Task: Pull out every line below containing the word "하바네로".

Exercise material Block Start

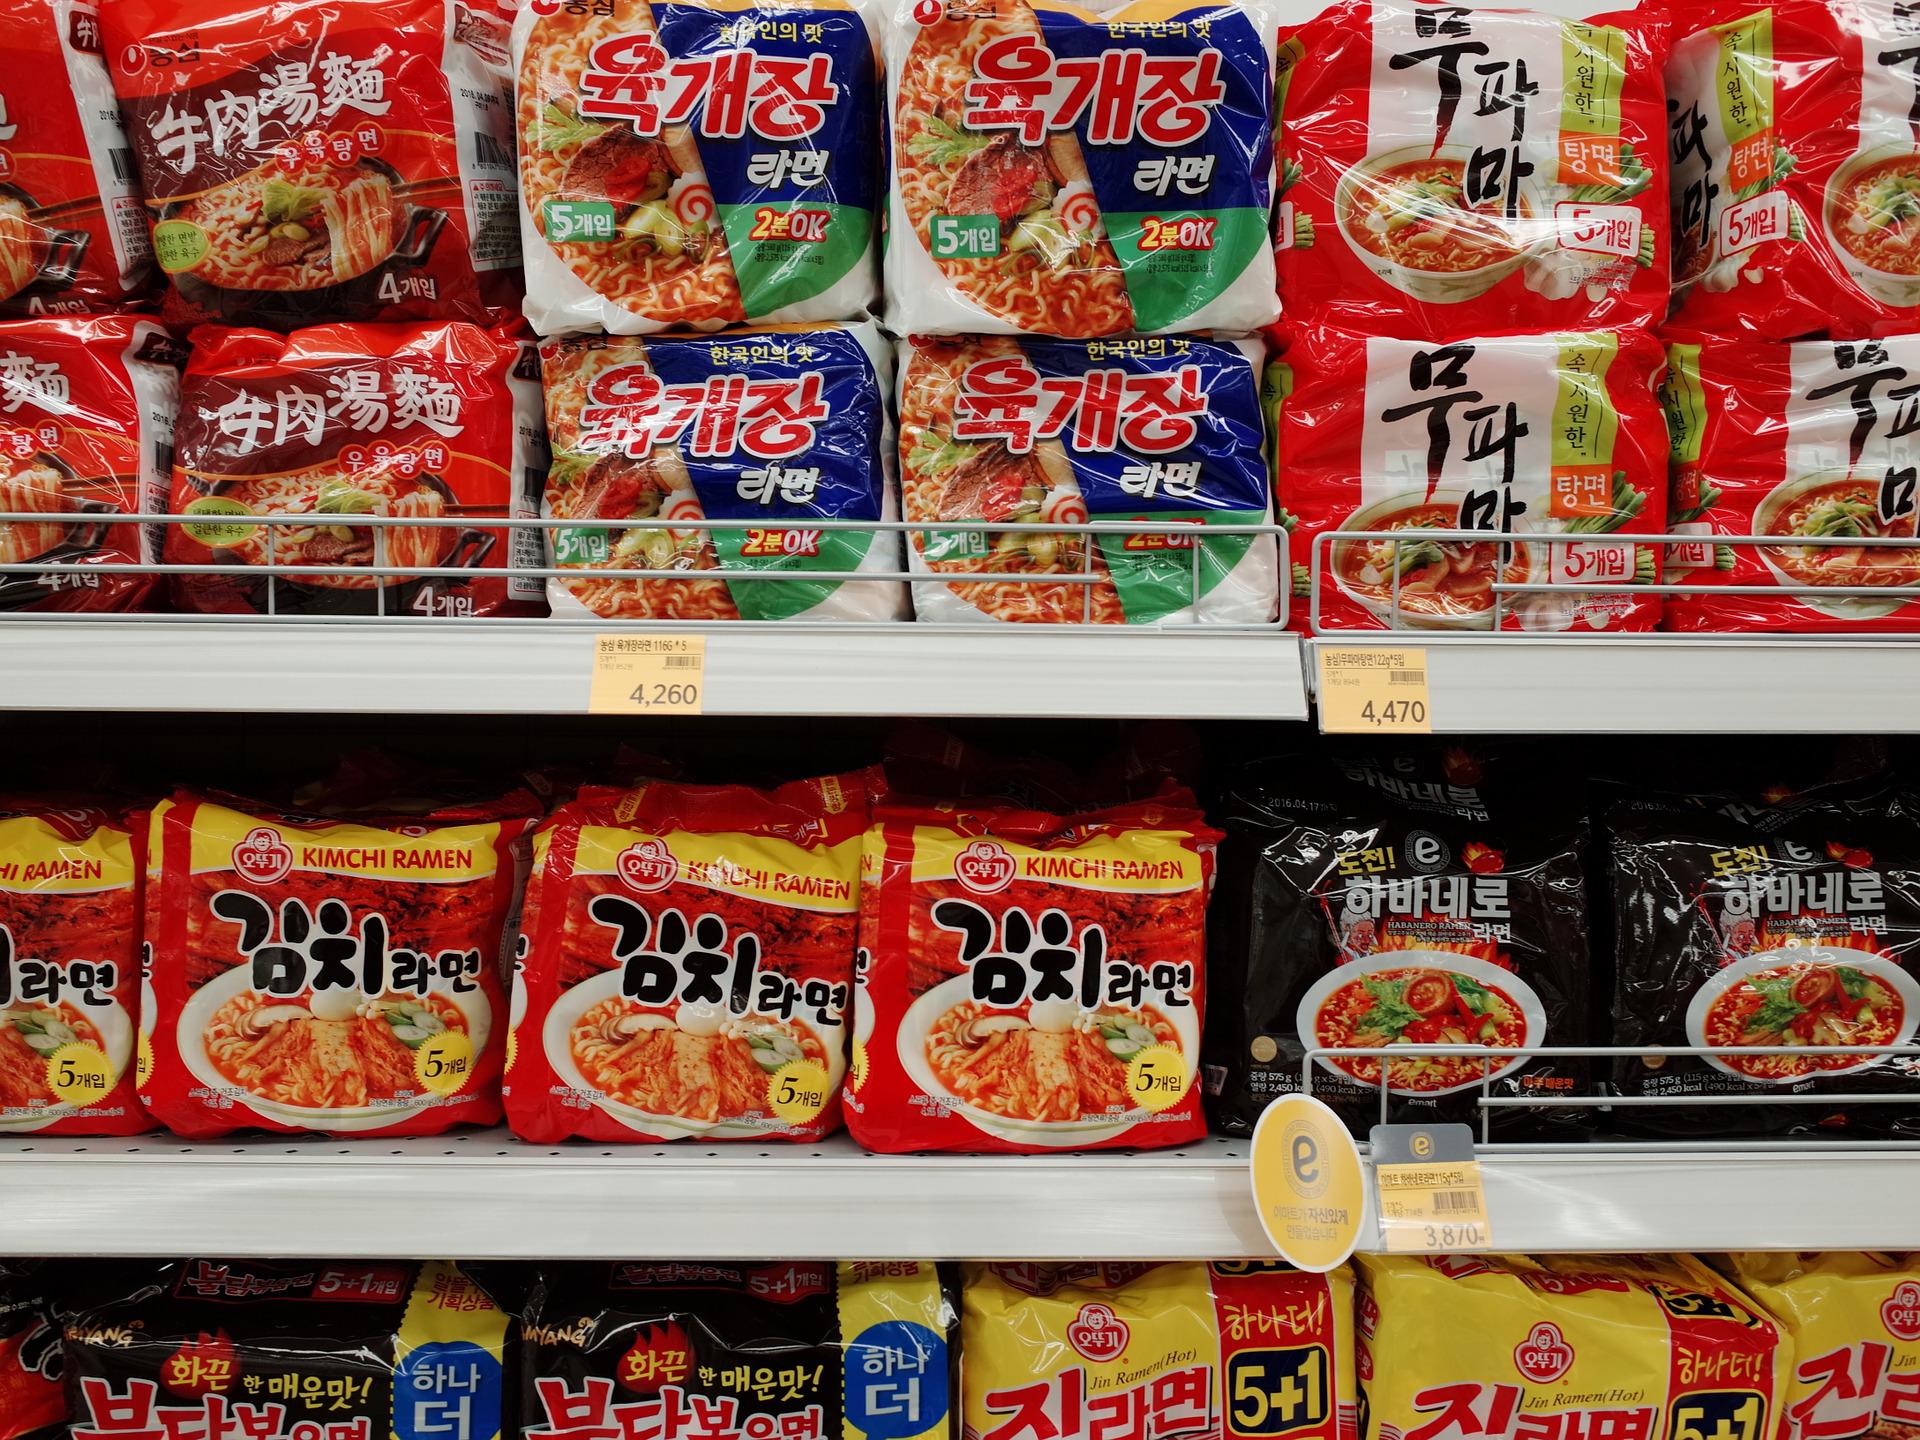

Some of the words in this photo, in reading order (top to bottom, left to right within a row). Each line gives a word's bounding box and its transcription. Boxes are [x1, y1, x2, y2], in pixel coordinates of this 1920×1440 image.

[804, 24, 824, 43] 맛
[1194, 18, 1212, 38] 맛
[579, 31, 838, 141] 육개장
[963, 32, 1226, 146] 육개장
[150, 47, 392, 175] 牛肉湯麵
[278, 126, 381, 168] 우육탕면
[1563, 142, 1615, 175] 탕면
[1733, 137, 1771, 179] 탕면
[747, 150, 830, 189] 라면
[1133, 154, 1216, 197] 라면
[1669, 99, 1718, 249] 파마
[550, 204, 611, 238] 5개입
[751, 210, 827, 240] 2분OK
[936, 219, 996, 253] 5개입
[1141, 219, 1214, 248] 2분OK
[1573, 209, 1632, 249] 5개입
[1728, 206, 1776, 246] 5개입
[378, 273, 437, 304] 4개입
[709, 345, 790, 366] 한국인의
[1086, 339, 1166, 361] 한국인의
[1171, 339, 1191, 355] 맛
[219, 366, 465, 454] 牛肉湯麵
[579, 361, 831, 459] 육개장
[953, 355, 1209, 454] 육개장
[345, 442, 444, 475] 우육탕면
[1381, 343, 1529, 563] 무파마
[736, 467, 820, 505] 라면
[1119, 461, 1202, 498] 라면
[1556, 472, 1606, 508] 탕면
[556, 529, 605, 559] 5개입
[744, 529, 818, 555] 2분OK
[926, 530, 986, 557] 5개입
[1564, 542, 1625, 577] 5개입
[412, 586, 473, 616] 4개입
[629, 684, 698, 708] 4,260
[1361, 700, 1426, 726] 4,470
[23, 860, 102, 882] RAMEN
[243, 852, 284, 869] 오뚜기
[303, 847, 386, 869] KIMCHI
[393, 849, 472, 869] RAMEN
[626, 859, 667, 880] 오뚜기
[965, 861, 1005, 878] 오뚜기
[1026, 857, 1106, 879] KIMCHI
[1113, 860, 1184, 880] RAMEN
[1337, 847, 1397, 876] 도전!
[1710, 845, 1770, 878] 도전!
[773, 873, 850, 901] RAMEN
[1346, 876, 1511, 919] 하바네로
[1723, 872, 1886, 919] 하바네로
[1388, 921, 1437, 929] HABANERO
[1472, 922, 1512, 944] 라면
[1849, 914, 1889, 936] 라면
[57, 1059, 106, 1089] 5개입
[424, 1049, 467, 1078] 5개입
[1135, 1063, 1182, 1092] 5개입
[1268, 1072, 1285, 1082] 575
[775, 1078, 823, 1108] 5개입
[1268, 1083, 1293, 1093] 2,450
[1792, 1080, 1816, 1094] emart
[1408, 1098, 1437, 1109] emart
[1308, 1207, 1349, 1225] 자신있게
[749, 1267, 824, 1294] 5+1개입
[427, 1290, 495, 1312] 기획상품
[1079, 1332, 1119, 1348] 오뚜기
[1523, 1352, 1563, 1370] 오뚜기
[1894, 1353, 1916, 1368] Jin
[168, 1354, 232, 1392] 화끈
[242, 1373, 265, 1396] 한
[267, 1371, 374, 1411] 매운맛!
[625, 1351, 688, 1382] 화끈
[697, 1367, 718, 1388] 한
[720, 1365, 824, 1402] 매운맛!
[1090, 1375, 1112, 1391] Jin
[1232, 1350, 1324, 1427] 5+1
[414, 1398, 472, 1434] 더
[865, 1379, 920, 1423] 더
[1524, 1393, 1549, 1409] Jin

Exercise material Block End

Reply to the exercise:
[1346, 876, 1511, 919] 하바네로
[1723, 872, 1886, 919] 하바네로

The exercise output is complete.